▸ EXERCISE GOAL: Copy out every line of the data that has the word "KOYA" somewhere in it.

Segment Start: DATA SHOWN

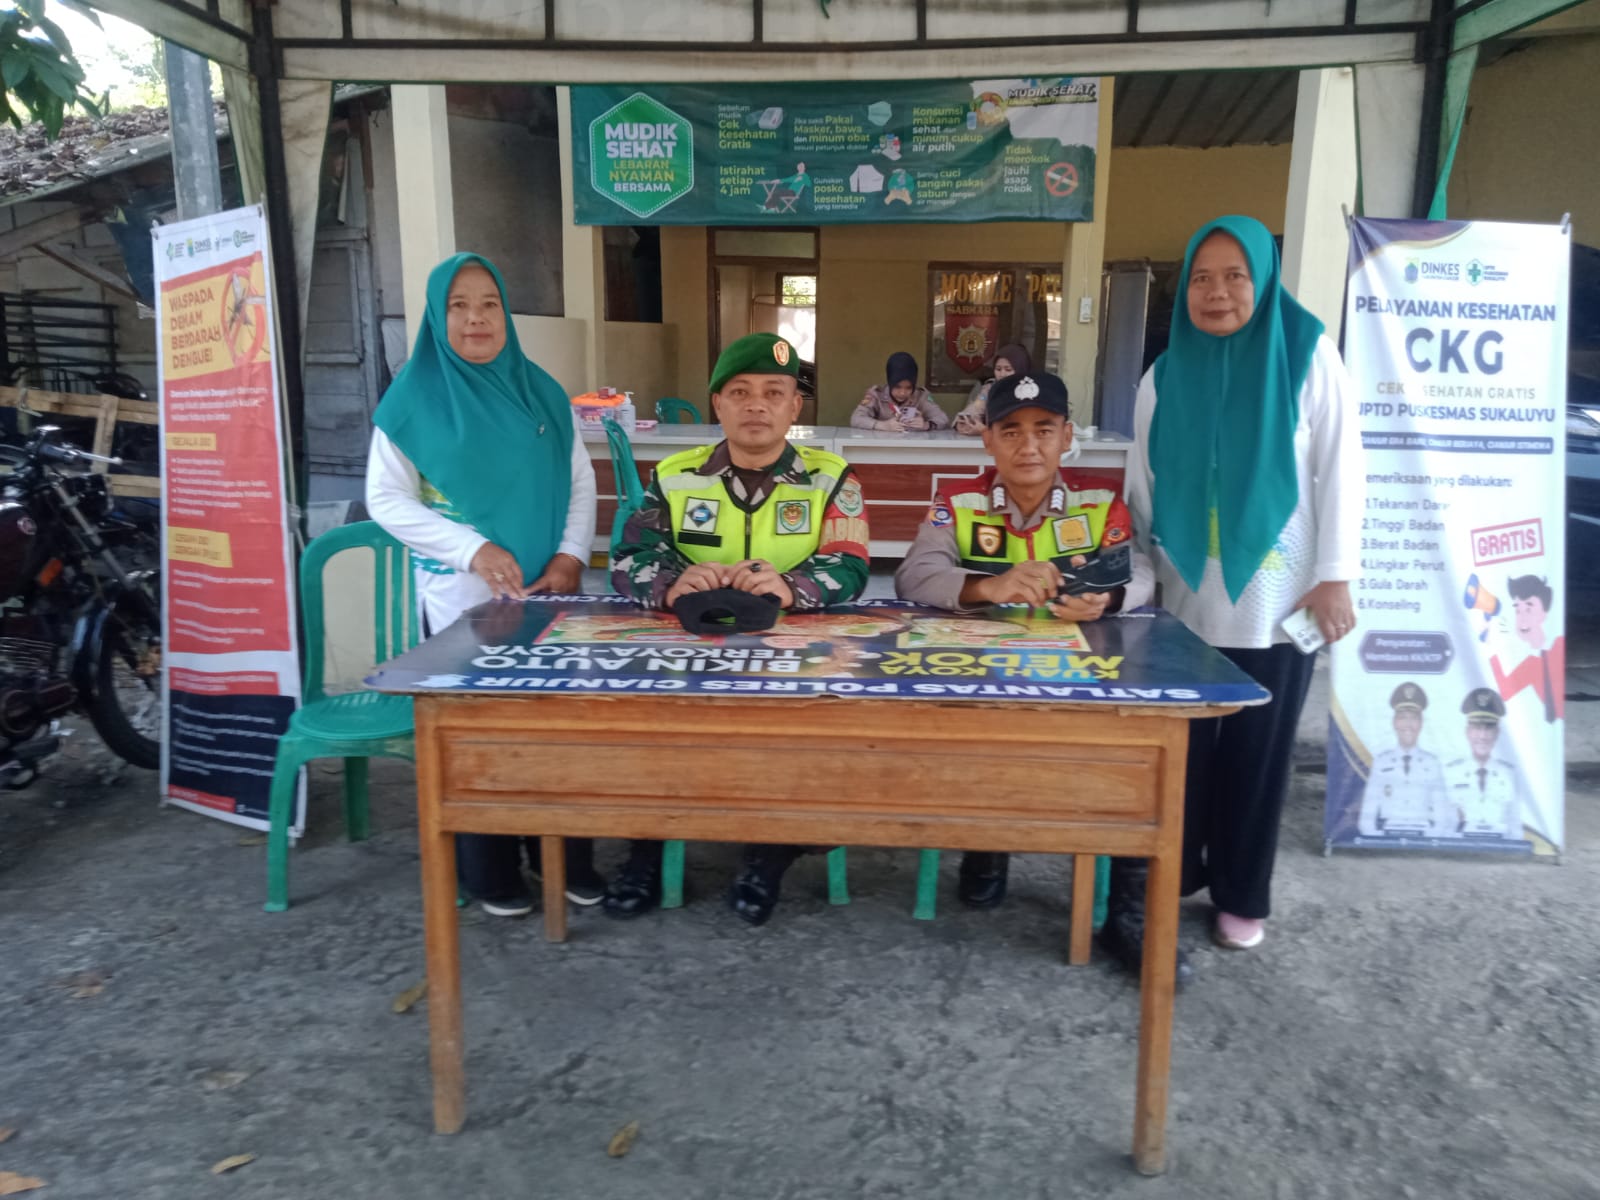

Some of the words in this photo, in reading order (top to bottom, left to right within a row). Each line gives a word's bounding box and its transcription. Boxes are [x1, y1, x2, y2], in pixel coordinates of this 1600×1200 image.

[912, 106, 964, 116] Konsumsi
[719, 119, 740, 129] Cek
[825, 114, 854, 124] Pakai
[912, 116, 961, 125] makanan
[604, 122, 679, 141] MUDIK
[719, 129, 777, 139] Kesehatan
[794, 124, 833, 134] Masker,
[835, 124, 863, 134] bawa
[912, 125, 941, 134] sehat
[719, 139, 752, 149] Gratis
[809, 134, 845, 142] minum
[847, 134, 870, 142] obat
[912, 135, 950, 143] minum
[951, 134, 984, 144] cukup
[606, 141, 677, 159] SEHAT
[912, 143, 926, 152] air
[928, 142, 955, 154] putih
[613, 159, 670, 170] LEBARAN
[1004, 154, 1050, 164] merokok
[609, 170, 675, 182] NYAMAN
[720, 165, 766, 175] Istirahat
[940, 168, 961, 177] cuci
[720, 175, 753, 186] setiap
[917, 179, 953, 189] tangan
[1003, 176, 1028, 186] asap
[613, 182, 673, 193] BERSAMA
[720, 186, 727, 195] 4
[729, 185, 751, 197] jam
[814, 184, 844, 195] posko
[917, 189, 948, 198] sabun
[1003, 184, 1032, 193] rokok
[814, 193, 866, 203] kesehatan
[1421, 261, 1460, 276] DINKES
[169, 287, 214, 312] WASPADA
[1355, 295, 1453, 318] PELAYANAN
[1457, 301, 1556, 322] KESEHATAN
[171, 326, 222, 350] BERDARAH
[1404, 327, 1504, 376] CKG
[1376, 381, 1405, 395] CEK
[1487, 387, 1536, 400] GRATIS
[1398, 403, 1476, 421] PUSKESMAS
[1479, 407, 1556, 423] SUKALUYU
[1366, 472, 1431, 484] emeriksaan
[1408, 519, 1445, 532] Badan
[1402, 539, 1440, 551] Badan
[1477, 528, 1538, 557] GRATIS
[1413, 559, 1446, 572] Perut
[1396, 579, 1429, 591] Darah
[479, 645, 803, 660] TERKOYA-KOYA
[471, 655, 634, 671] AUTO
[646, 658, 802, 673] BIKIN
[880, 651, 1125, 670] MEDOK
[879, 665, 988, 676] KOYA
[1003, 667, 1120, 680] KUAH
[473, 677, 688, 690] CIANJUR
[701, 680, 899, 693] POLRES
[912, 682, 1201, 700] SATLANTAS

Segment End: DATA SHOWN

▸ ANSWER TO THIS TASK:
[479, 645, 803, 660] TERKOYA-KOYA
[879, 665, 988, 676] KOYA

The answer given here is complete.